We want to know how the work grows as the strings get longer.
Scenario Under Consideration
Analyze the time complexity of the following code snippet.
str1 = 'hello world';
str2 = 'hello there';
isEqual = true;
for i = 1:length(str1)
if str1(i) ~= str2(i)
isEqual = false;
break;
end
end
This code compares two strings character by character until it finds a difference or reaches the end.
Identify Repeating Operations
Identify the loops, recursion, array traversals that repeat.
- Primary operation: Loop comparing each character of the two strings.
- How many times: Up to the length of the shorter string (n times).
How Execution Grows With Input
As the strings get longer, the number of comparisons grows roughly the same as the string length.
| Input Size (n) | Approx.
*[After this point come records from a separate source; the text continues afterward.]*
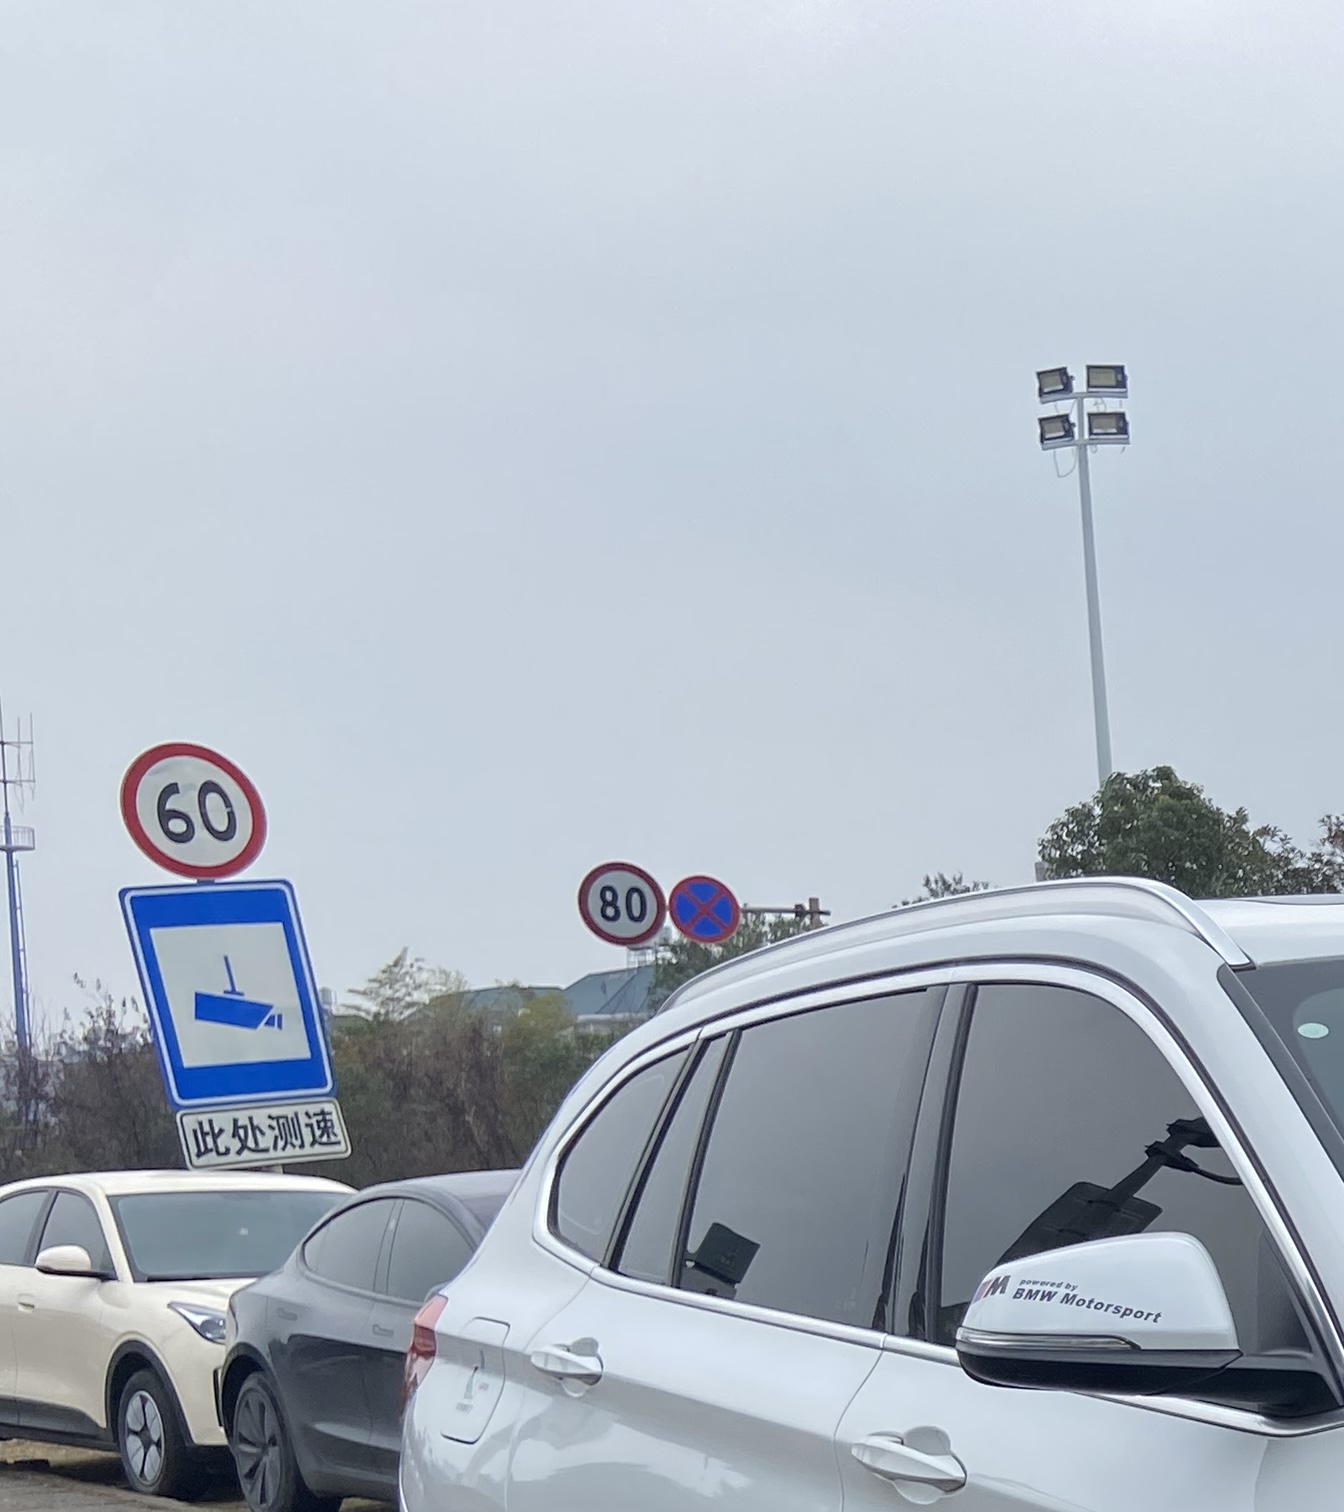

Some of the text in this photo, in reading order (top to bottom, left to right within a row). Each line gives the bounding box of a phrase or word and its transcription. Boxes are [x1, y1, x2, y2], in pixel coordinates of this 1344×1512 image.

[156, 780, 238, 844] 60
[600, 885, 647, 922] 80
[192, 1108, 341, 1159] 此处测速
[1019, 1278, 1078, 1292] powered by
[1012, 1288, 1162, 1324] BMW Motorsport
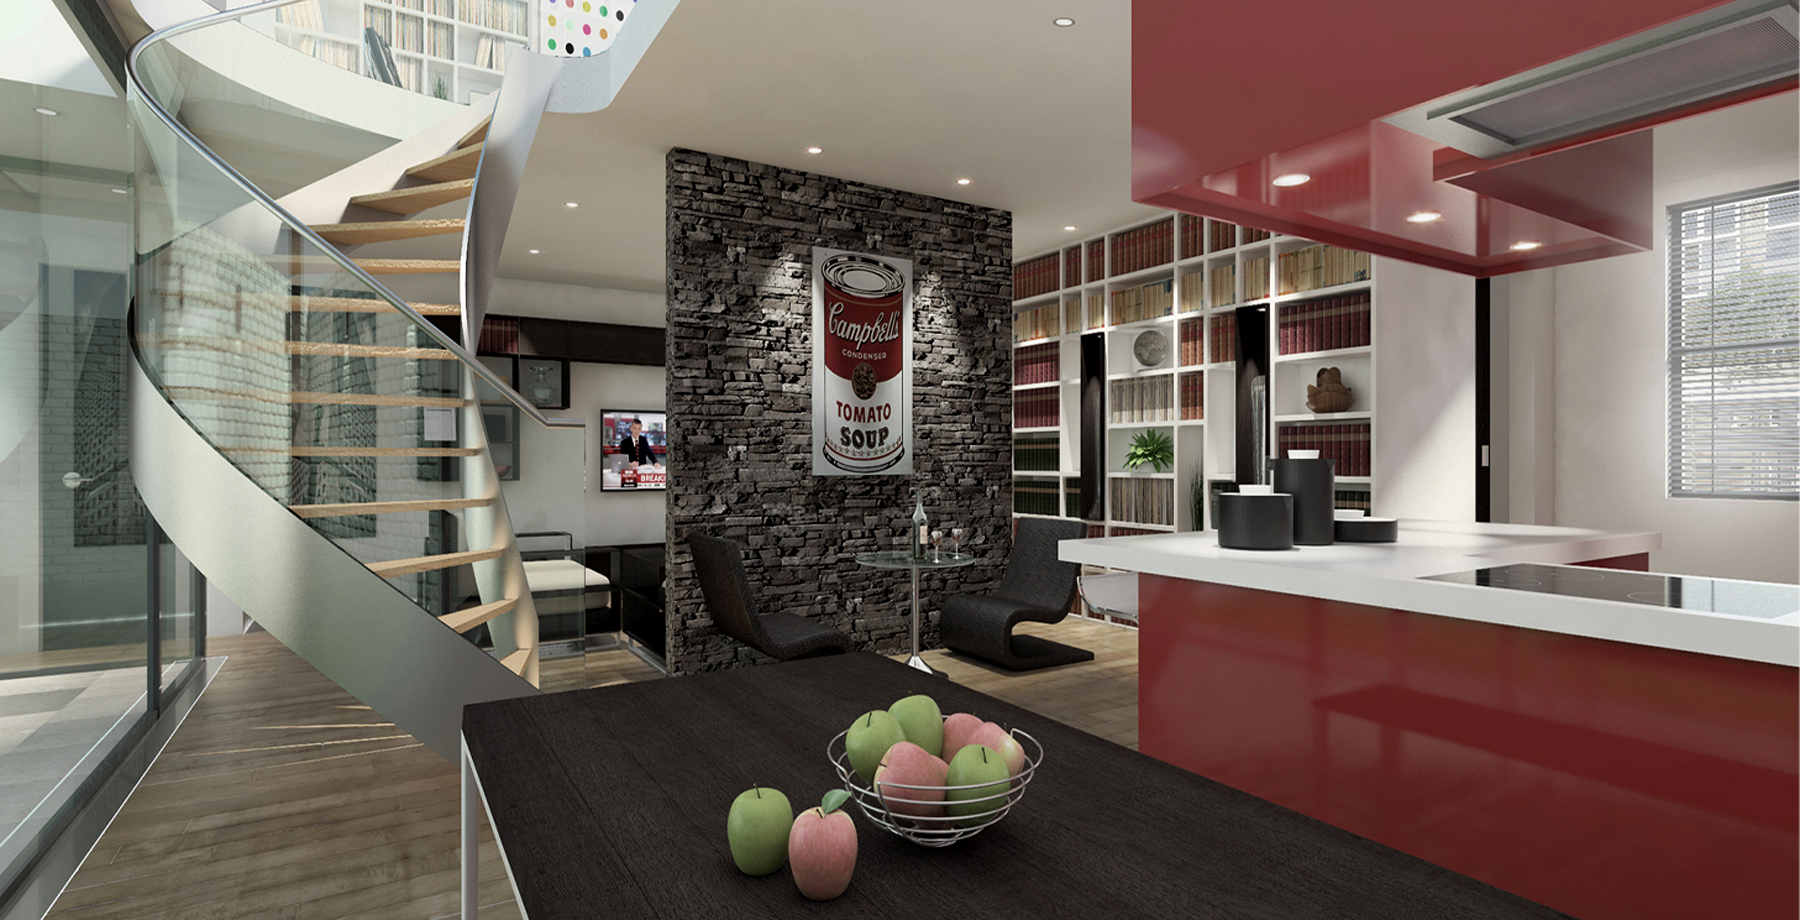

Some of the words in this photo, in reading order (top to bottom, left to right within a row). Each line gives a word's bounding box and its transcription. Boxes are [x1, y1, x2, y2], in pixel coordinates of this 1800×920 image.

[828, 301, 900, 350] Campbell's
[841, 348, 887, 361] CONDENSED
[836, 400, 892, 423] TOMATO
[840, 426, 889, 450] SOUP
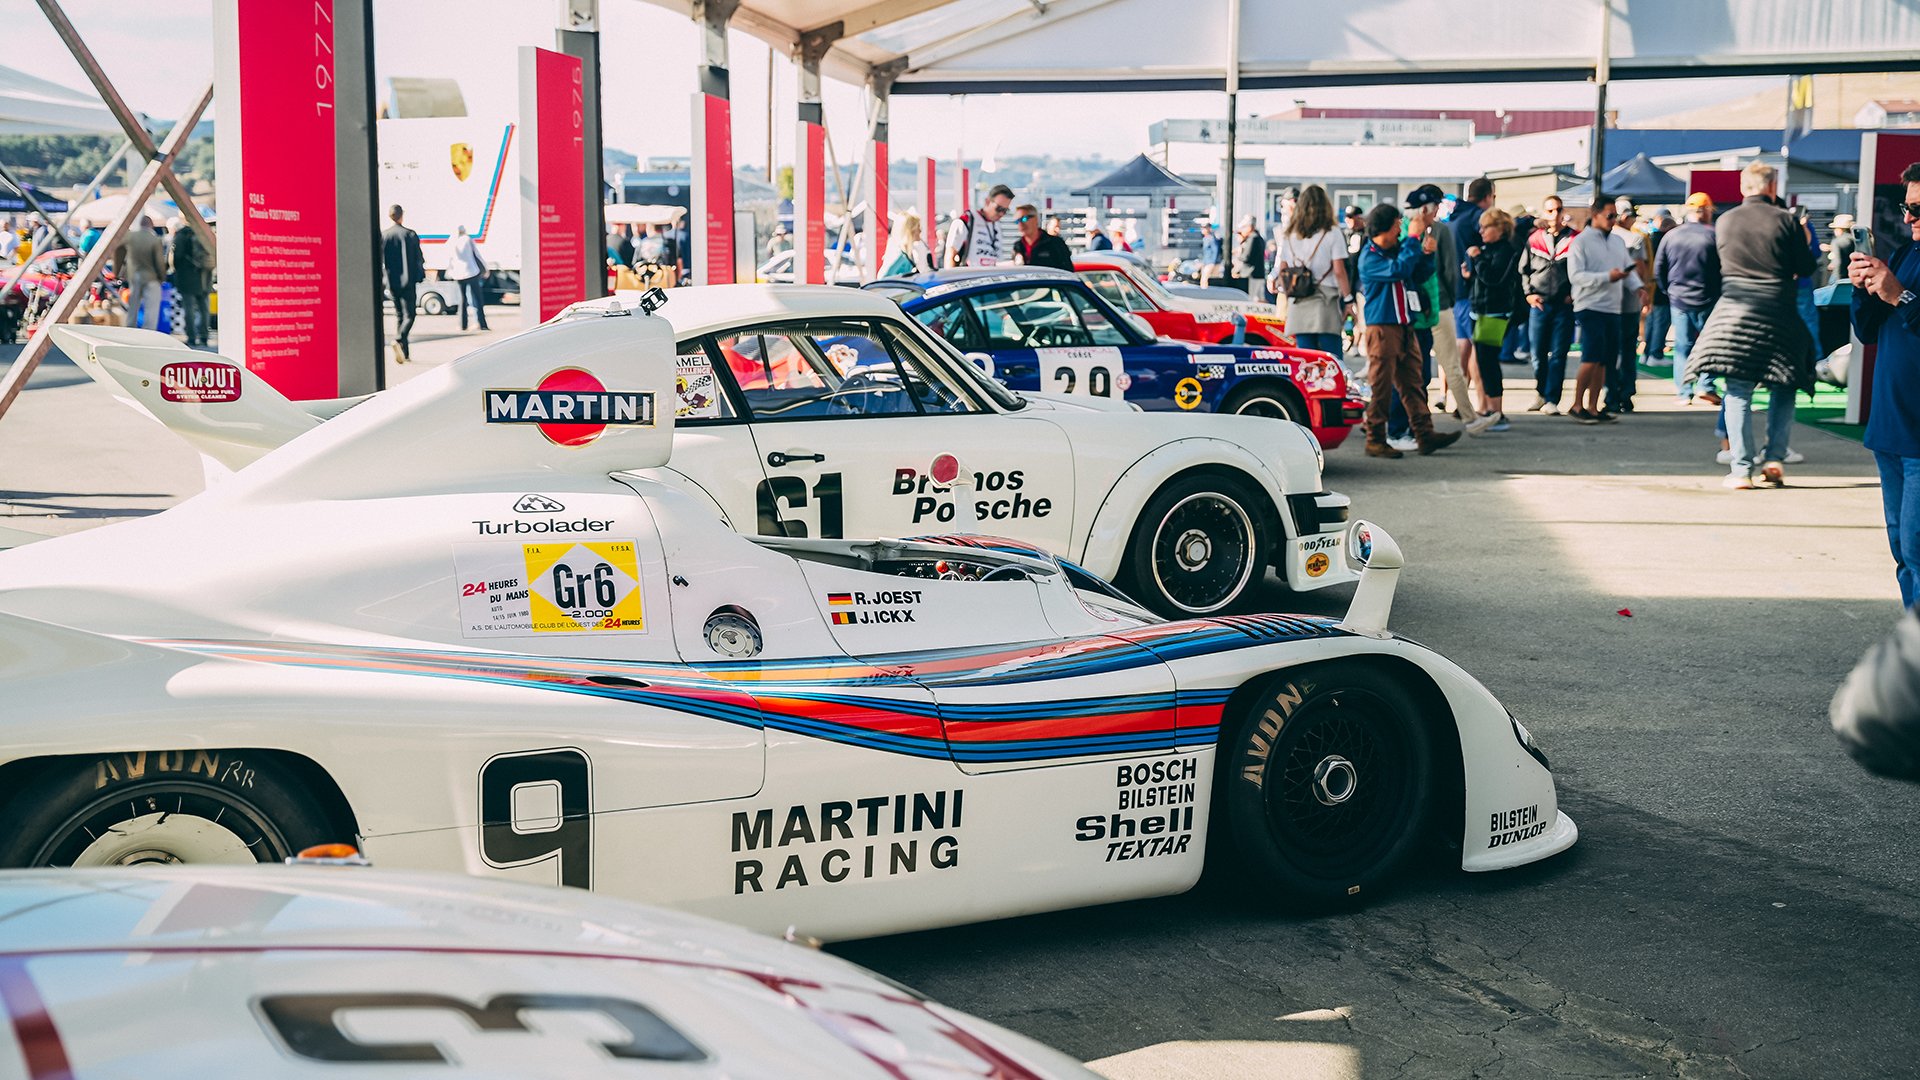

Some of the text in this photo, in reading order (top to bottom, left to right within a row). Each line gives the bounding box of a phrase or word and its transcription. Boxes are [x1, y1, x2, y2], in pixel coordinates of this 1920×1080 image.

[314, 0, 333, 117] 1977
[676, 356, 710, 367] MEL
[1236, 364, 1290, 375] MICHELIN
[1254, 351, 1284, 360] ESSO
[164, 367, 237, 388] GUMOUT
[490, 393, 650, 421] MARTINI
[756, 471, 844, 540] 61
[912, 492, 1052, 524] Posche
[472, 517, 615, 535] Turbolader
[462, 578, 518, 597] 24 HEURES
[490, 589, 529, 604] DU MANS
[553, 562, 616, 609] Gr6
[854, 590, 923, 606] R.JOEST
[859, 608, 916, 625] J.ICKX
[1241, 681, 1303, 789] AVON
[95, 751, 220, 790] AVON
[1117, 757, 1197, 787] BOSCH
[1118, 782, 1195, 810] BILSTEIN
[477, 745, 595, 892] 9
[731, 789, 963, 852] MARTINI
[1075, 806, 1194, 841] Shell
[1490, 804, 1538, 832] BILSTEIN
[1105, 834, 1192, 862] TEXTAR
[1487, 820, 1547, 849] DUNLOP
[734, 835, 959, 895] RACING
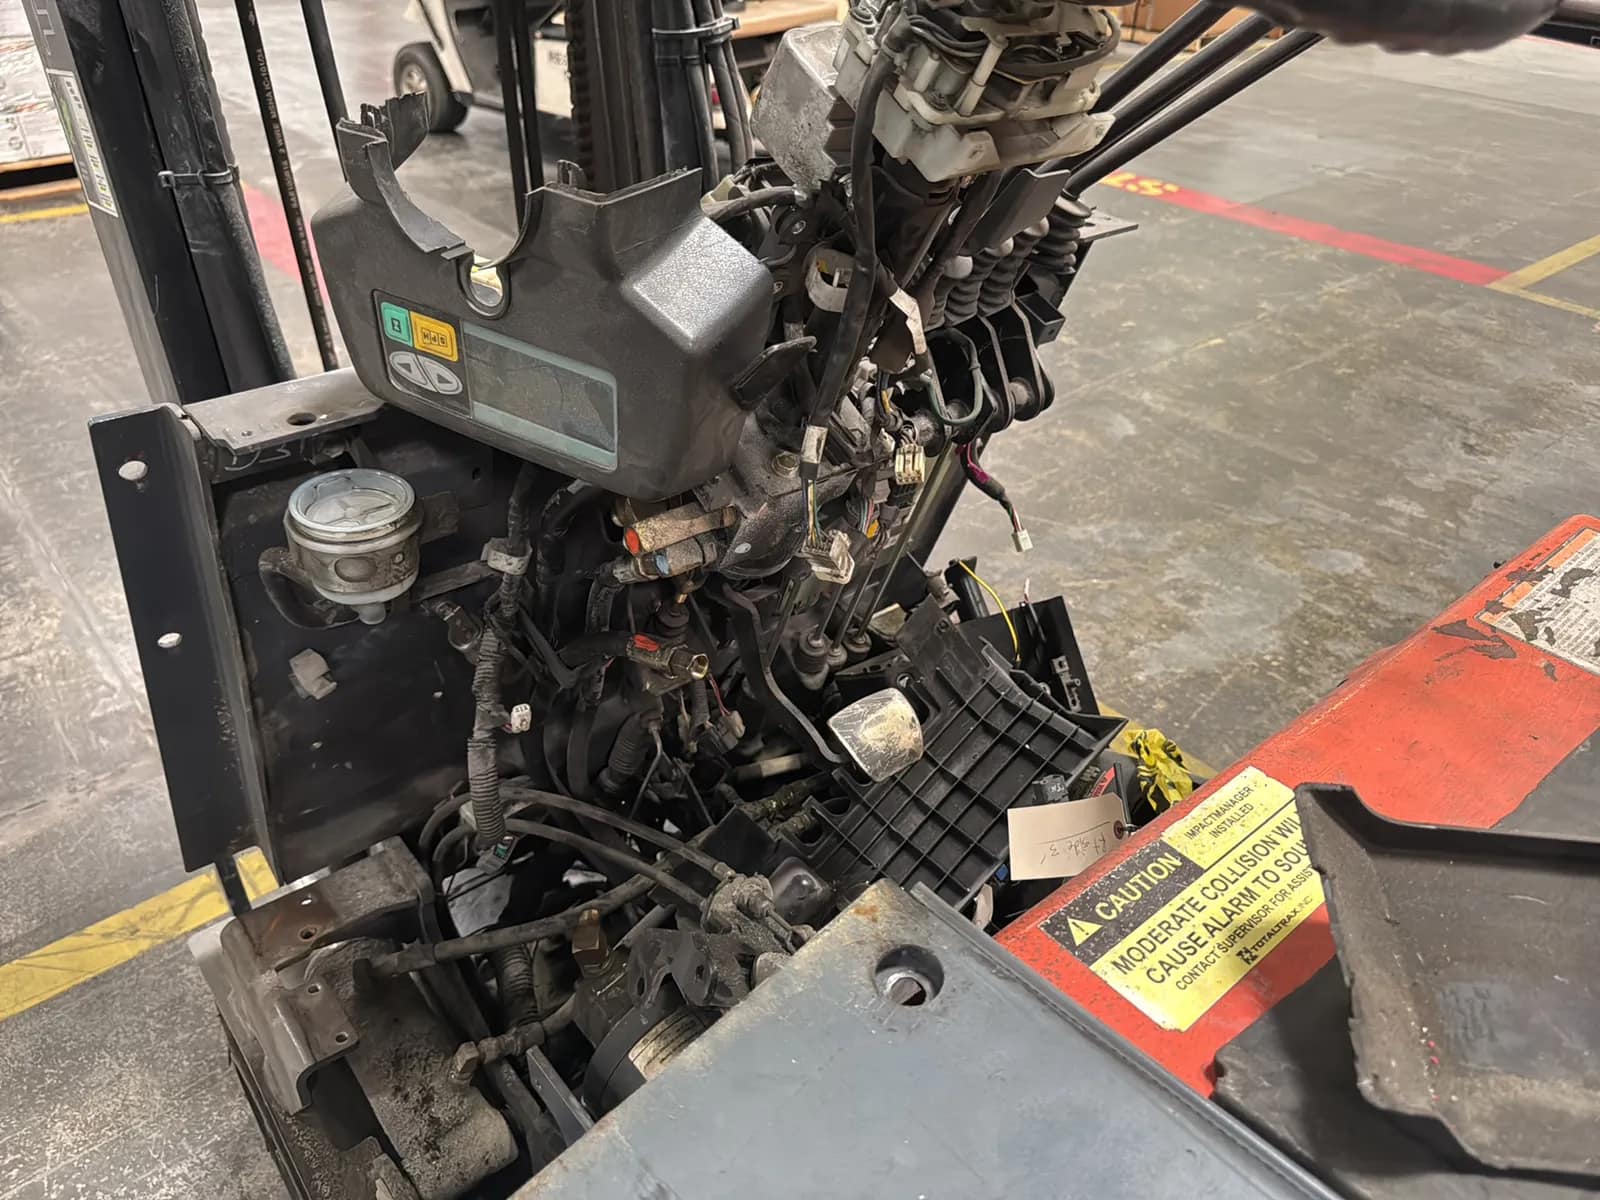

Operations |
|---|---|
| 10 | Up to 10 character comparisons |
| 100 | Up to 100 character comparisons |
| 1000 | Up to 1000 character comparisons |
Pattern observation: The work grows directly with the length of the strings.
Final Time Complexity
Time Complexity: O(n)
This means the time to compare grows in a straight line as the strings get longer.
Common Mistake
[X] Wrong: "Comparing two strings always takes the same time regardless of length."
[OK] Correct: Actually, the program checks each character until it finds a difference or finishes, so longer strings usually take more time.
Interview Connect
Understanding how string comparison time grows helps you explain efficiency clearly and shows you know how basic operations scale with input size.
Self-Check
"What if the strings are always very different at the first character? How would the time complexity change?"